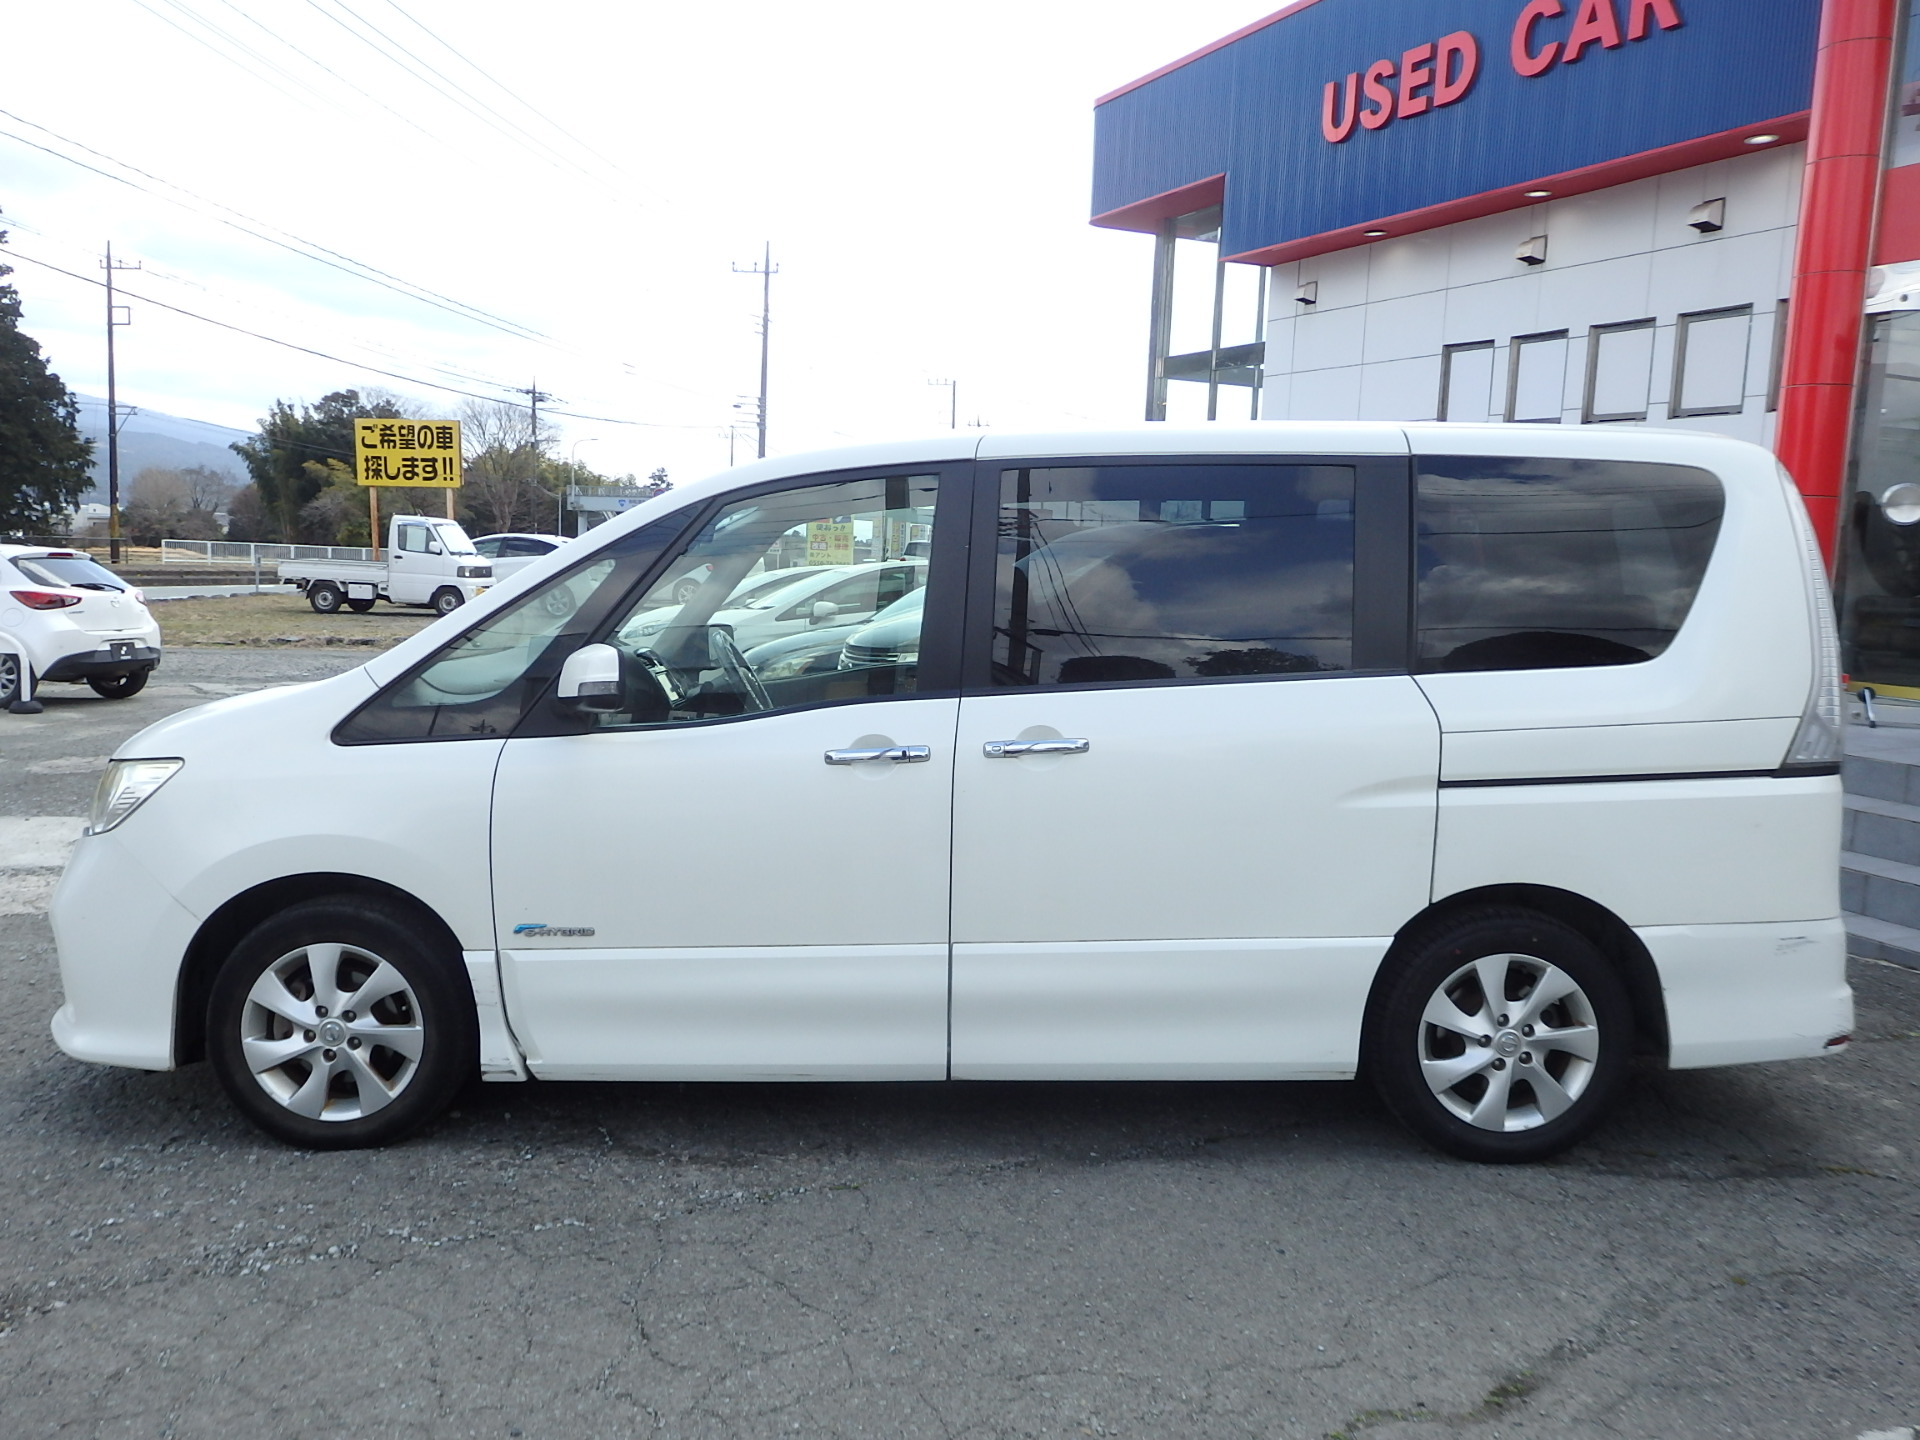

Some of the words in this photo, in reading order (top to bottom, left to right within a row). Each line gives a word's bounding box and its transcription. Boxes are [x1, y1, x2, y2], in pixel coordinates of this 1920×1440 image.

[1321, 30, 1479, 143] USED
[360, 423, 454, 450] ご希望の車
[363, 455, 454, 481] 探します!!
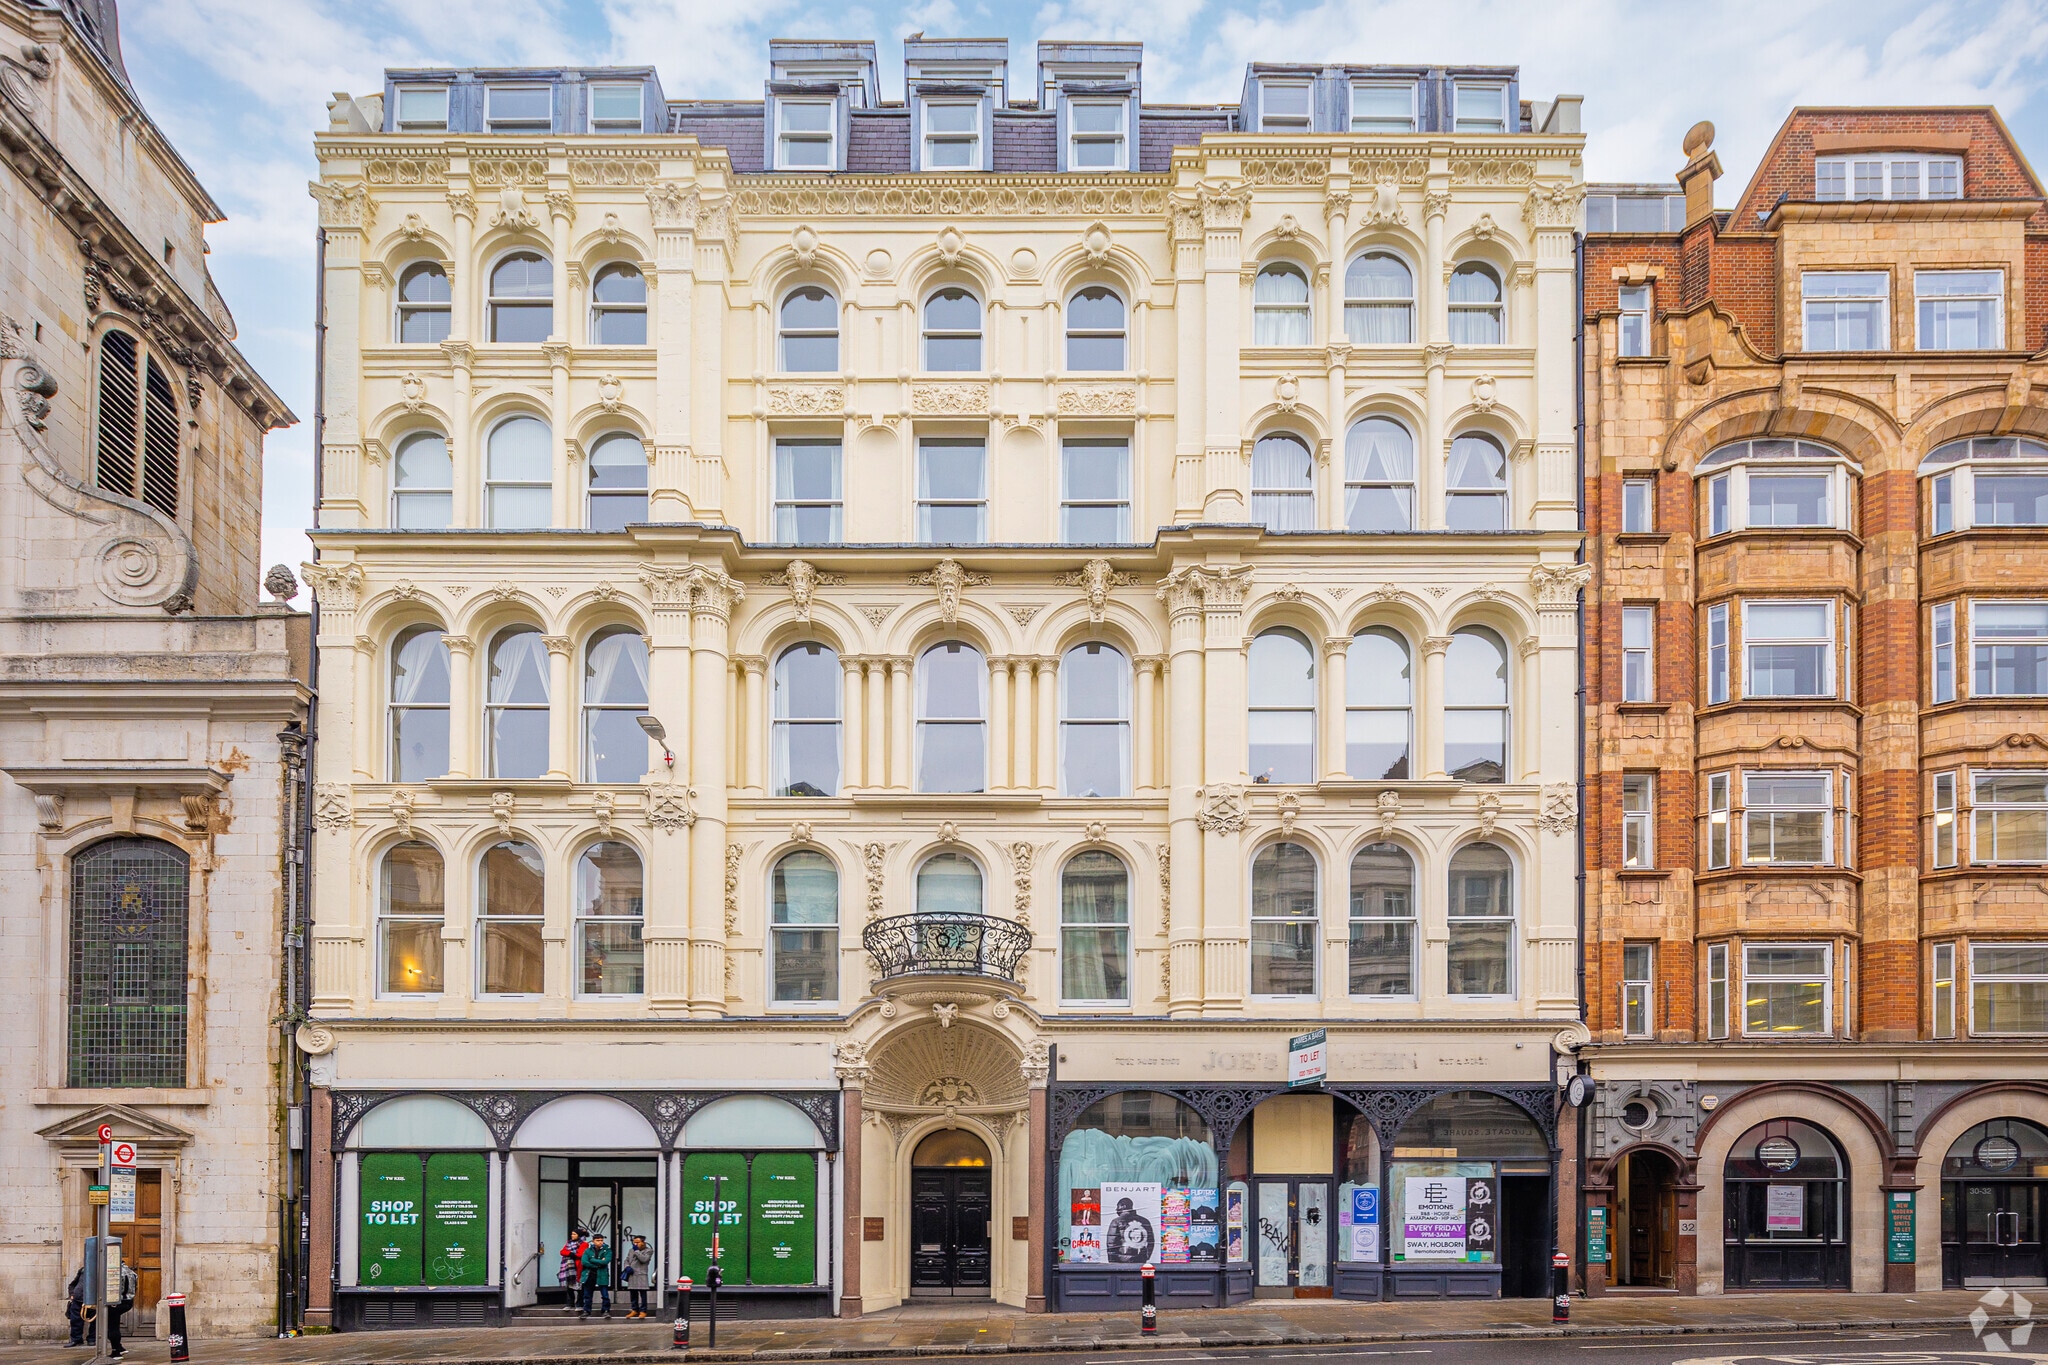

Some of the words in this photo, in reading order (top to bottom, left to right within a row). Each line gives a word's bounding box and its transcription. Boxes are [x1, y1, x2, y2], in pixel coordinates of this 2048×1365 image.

[1292, 1035, 1307, 1045] JAMES
[1312, 1030, 1324, 1039] BAKER
[1300, 1054, 1308, 1063] TO
[1310, 1050, 1320, 1061] LET
[102, 1127, 111, 1139] G
[371, 1201, 413, 1212] SHOP
[365, 1213, 387, 1225] TO
[390, 1213, 419, 1225] LET
[689, 1213, 710, 1225] TO
[1682, 1223, 1695, 1231] 32
[1072, 1240, 1100, 1249] CAMPER
##############################
● Problem to work on
Each entry above should be restated word for word, though no picture may appear in the copy.

● Exercise result
Some of the words in this photo, in reading order (top to bottom, left to right within a row). Each line gives a word's bounding box and its transcription. Boxes are [x1, y1, x2, y2], in pixel coordinates of this 1920×1440 image.

[1321, 30, 1479, 143] USED
[360, 423, 454, 450] ご希望の車
[363, 455, 454, 481] 探します!!

Some of the words in this photo, in reading order (top to bottom, left to right within a row). Each line gives a word's bounding box and its transcription. Boxes are [x1, y1, x2, y2], in pixel coordinates of this 2048×1365 image.

[1292, 1035, 1307, 1045] JAMES
[1312, 1030, 1324, 1039] BAKER
[1300, 1054, 1308, 1063] TO
[1310, 1050, 1320, 1061] LET
[102, 1127, 111, 1139] G
[371, 1201, 413, 1212] SHOP
[365, 1213, 387, 1225] TO
[390, 1213, 419, 1225] LET
[689, 1213, 710, 1225] TO
[1682, 1223, 1695, 1231] 32
[1072, 1240, 1100, 1249] CAMPER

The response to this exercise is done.